百步开外,那罗刹蛮子陡然停步,盾牌当中护住胸口,一道剧烈的阳光反射向何俊宏的面门。躲在他身后的罗刹人闪身而出,手里竟端着把张满的硬木弓。那弓手一抬腕,闪电般射出一箭,直取何俊宏的左眼。
何俊宏早料到他们的把戏,不仅不避,反而发起了冲锋。他看准箭势,左手撩起一朵刀花,将羽箭砸偏了。这一个来回只是眨眼间的事情,双方却已近在数十步内。何俊宏在奔跑中扫了一眼,那弓手居然只是个孩子,这出乎了他的意料。难怪刚才箭上传来的力道有些轻,不过看他推弓的架势,取准的拿捏,都不比大成军营的士兵来得差,他心里就释然了。都说罗刹蛮子茹毛饮血,十三四岁便娶妻生子,上阵杀敌,这罗刹人小孩手里不知已有了几条人命。
罗刹蛮子刀盾手一沉盾牌,举刀挺步杀来。他使的招式虽然纯熟,奈何身形庞大,刚猛有余缺乏变化。那弓手此时弃弓举枪迎了上来。他们的配合远谈不上熟练,一前一后已有了距离。何俊宏有意在观众面前露一手,瞅准了机会一刀劈向刀盾手的面门。

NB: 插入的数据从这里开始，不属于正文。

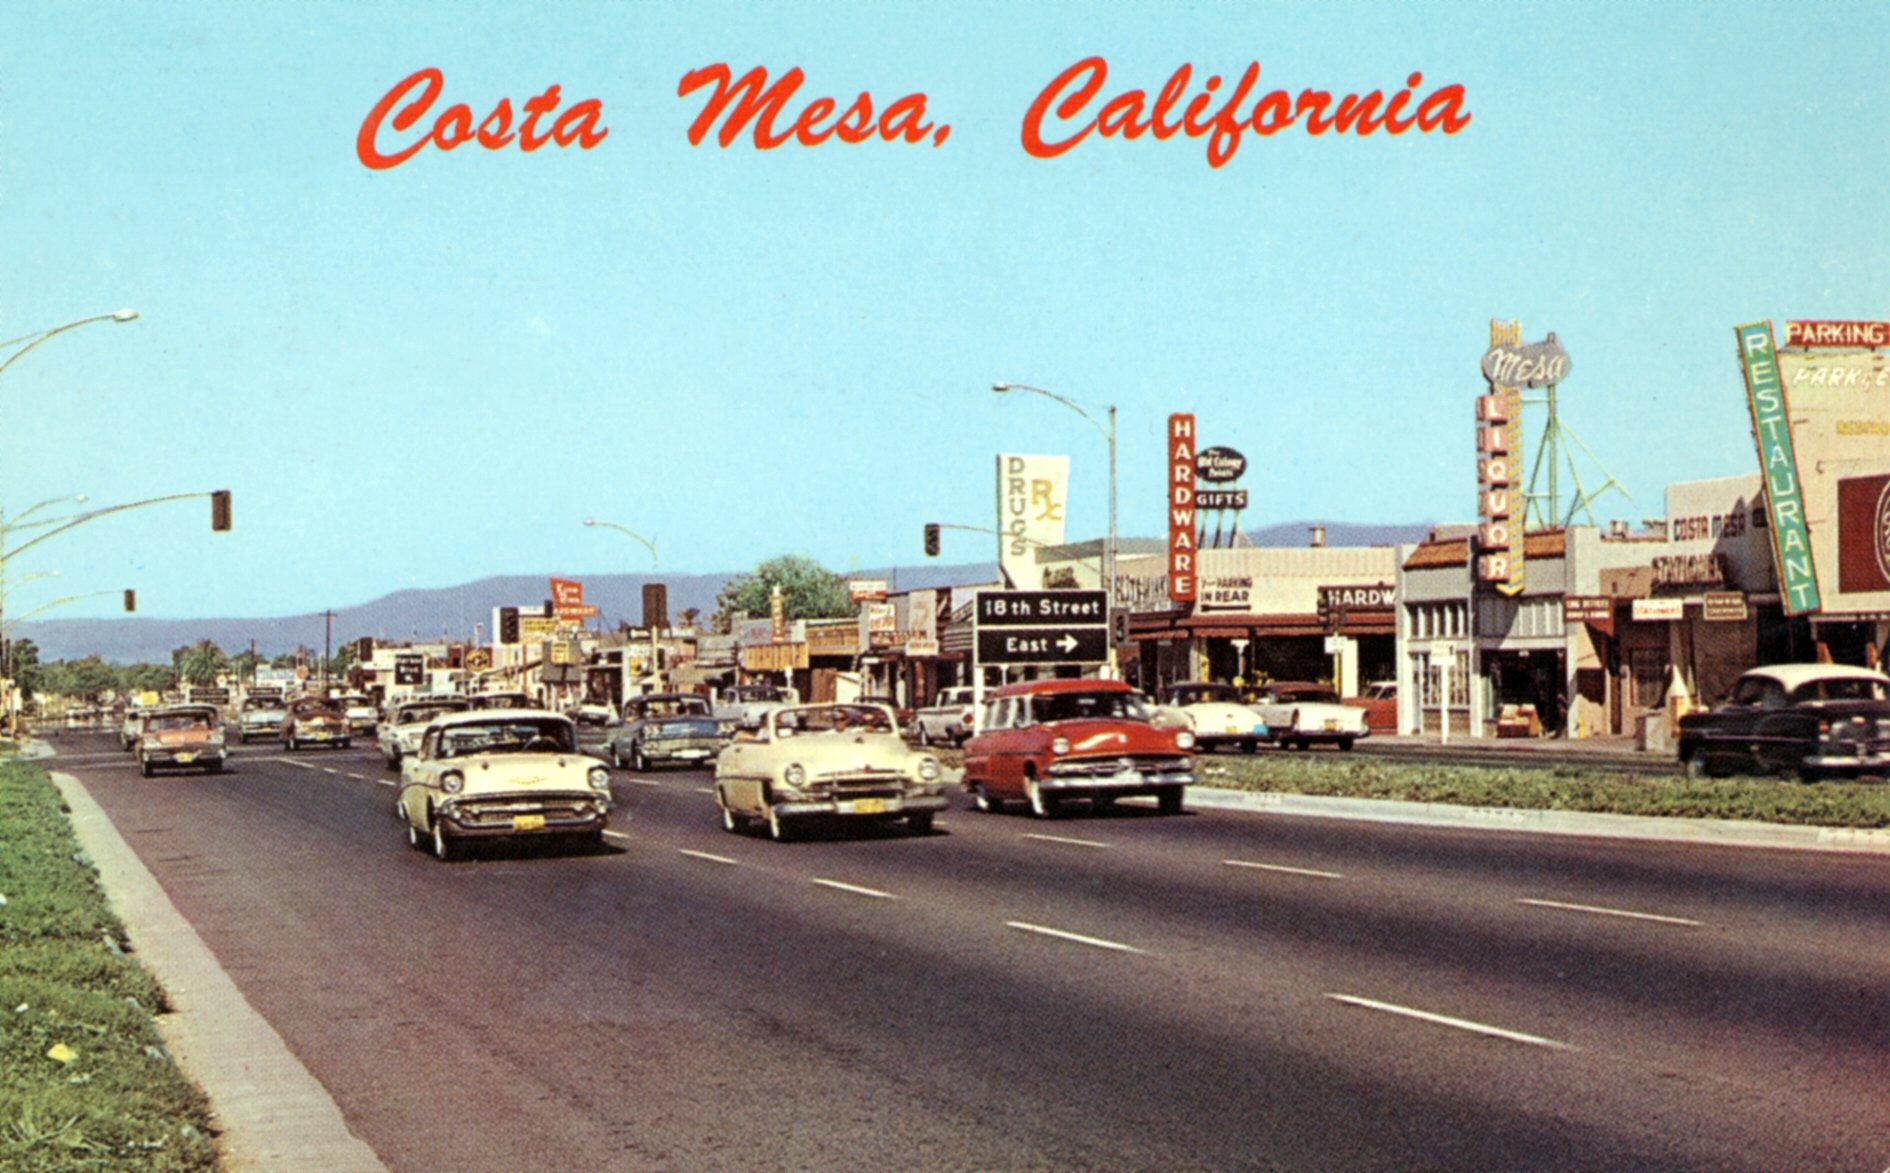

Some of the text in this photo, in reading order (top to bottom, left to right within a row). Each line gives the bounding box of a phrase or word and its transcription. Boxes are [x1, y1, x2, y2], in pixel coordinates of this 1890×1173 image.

那盾手反应也不慢,横起盾牌挡在刀锋劈下处,右手里的砍刀已打横扫了过来,要拦腰将何俊宏砍做两截。何俊宏暗自摇头,这罗刹人使的招式太老,已收不回去,正中他的下怀。他右脚蹬地,身子借力斜着向左纵出,看台上发出一阵惊呼。这中原人简直是拿自己的血肉之躯往对方刀口上送。在砍刀触身的瞬间,何俊宏右手劈下的刀式忽然一转,刀尖灵巧的在砍刀上一点,人像燕子般轻巧的掠过了罗刹人的头顶,又向左斜飞出一段才着地。脚刚着地,换做左腿发力,反向朝着挺枪而来的罗刹蛮子小孩冲去。
那盾手横扫的力量太大,竟带着身体旋转了一圈,才跪倒在地上,若不是巨大的盾牌靠在胸口,顶住了他的下巴,便要整个躺倒下去。在他脖子上肌肉贲凸的地方,插着一柄钢刀。原来何俊宏横掠而过时,左手刀顺势送入了盾手的脖子里。
罗刹小孩见到盾手倒地,目眦欲裂,声嘶力竭的吼了一声,那吼声倒像是野狼发出的嚎叫。何俊宏恰好懂得这句罗刹蛮语,那个小孩是在叫“爸爸”。在小孩咆哮的瞬间,何俊宏顿住了去势,他呆立在那里,爸爸的吼叫声在耳朵里回荡。
就在四年前,他也这样吼叫过。
那一天秋寒刺骨,大批的禁军冲进了他的家,将官居五品的父亲擒下,并给他带上了沉重的镣铐。
父亲在万军阵前眼睛都不眨一眨,居然没有丝毫反抗便束手就擒。当夜母亲告诉他,父亲是遭人陷害,诬告他贪污了大量军款,仇人势力庞大,在朝中的关系盘根错节,不是何家的力量可以扳倒的。为今之计,只有尽快筹措银钱,希望能补上诬告中贪墨的那些数目,才能够减轻父亲的罪行。
第165章 为爱守护
母亲随后典卖了一切家产,可与那巨大的数字相比,却只是九牛一毛。万不得已下,母亲在一个同样的秋夜离开了珲州城。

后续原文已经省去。